Connecting with Others Who Have Experienced What You Have is Essential - I found that after I came home from the NICU I felt a little lost and isolated. I missed my NICU routine, but most of all, I missed talking to others who could understand my experience. Luckily, I had Sam to talk to about my NICU journey, and because of that support, From Mini to Moose was born. Connecting with the NICU community is essential for parents to celebrate, understand, and talk about the trauma they have experienced. I truly feel that without these essential connections I would still be struggling daily with what I had experienced.
NICU PTSD is Real - Although I already wrote a whole blog post on this, I think it's important for other NICU parents to understand that NICU PTSD is a real thing. Many NICU moms not only experience a traumatic birth but then have to endure the unknowns of the NICU. Whether a NICU parent faces loss, a long NICU stay, lifelong medical needs for their baby, or just a few day stint in the unit, having a baby that isn't healthy is traumatic on all levels. I truly encourage all fellow NICU parents to realize that it’s ok to feel changed by these events, and sometimes it's essential to seek help in coping with the trauma you have gone through.
Just Because You Take Your Baby Home Just Because You Take Your Baby Home Doesn't Mean You Are Ok - Looking back, my experience with Postpartum anxiety most certainly did not end with our departure from the NICU but actually became exacerbated by having to leave my safety net. Honestly, I feel like it was more than a year before I started to feel like myself again. Even now, more than two years later, an event or a story can still trigger bouts of severe anxiety. For example, just during this post, I cried when writing about the unconditional love of a mother. Luckily, I feel as though I now have the wherewithal to cope with my experience in a healthy way. It's important to give yourself the time needed to heal from your experience and to realize that just because you have brought your baby home, it doesn't necessarily mean that your emotional scars have healed.

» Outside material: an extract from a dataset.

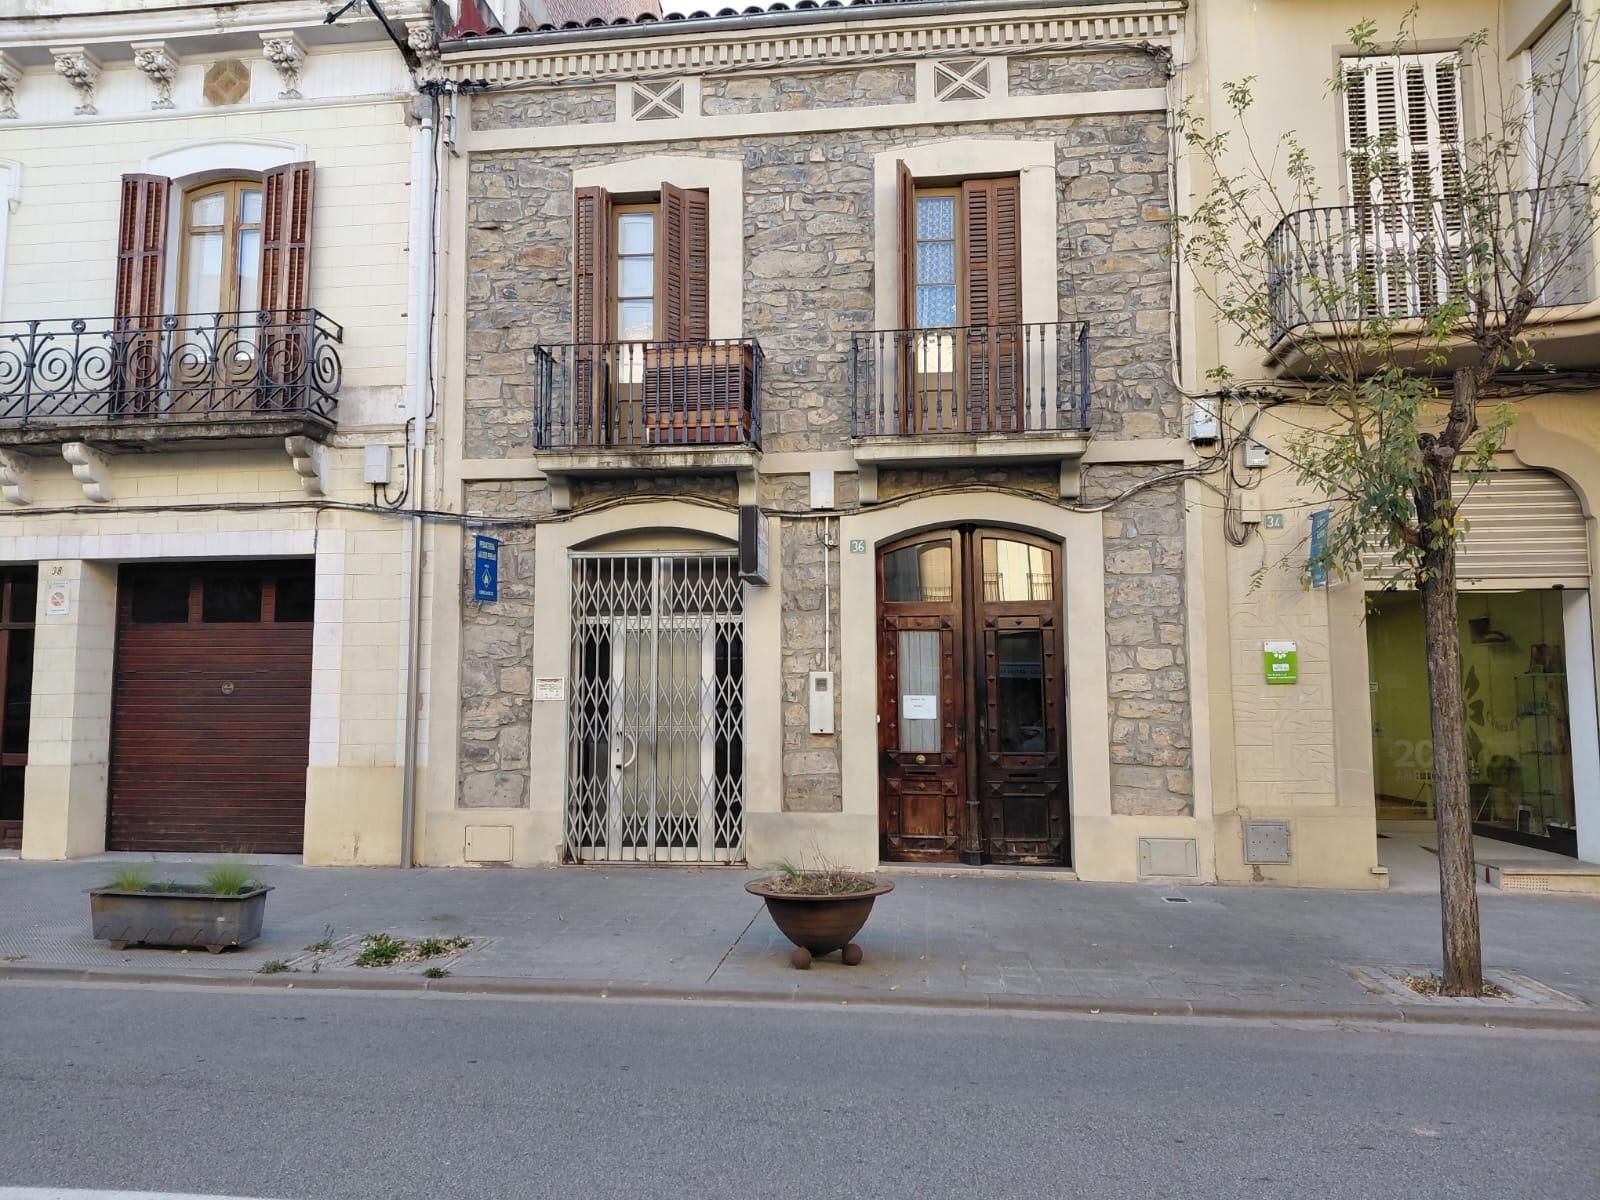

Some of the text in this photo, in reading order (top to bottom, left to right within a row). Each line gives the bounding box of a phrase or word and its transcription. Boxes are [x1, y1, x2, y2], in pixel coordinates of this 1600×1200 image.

iving Back Helps You to Heal - From Mini to Moose has become my outlet to channel my emotions from our journey in a positive way. Whether it’s blogging, creating gifts, or participating in a NICU walk, giving back helps you heal. My NICU journey has forever changed me, and I’ve learned many things through that experience--apparently 10 things in particular. I truly believe it is so important to give your journey purpose, and by giving back, you give that experience a positive purpose. Take the time to pour your energy into places that help you connect, give back, and celebrate your journey in a positive way. It can help you and a future mom just like you just beginning her own NICU journey.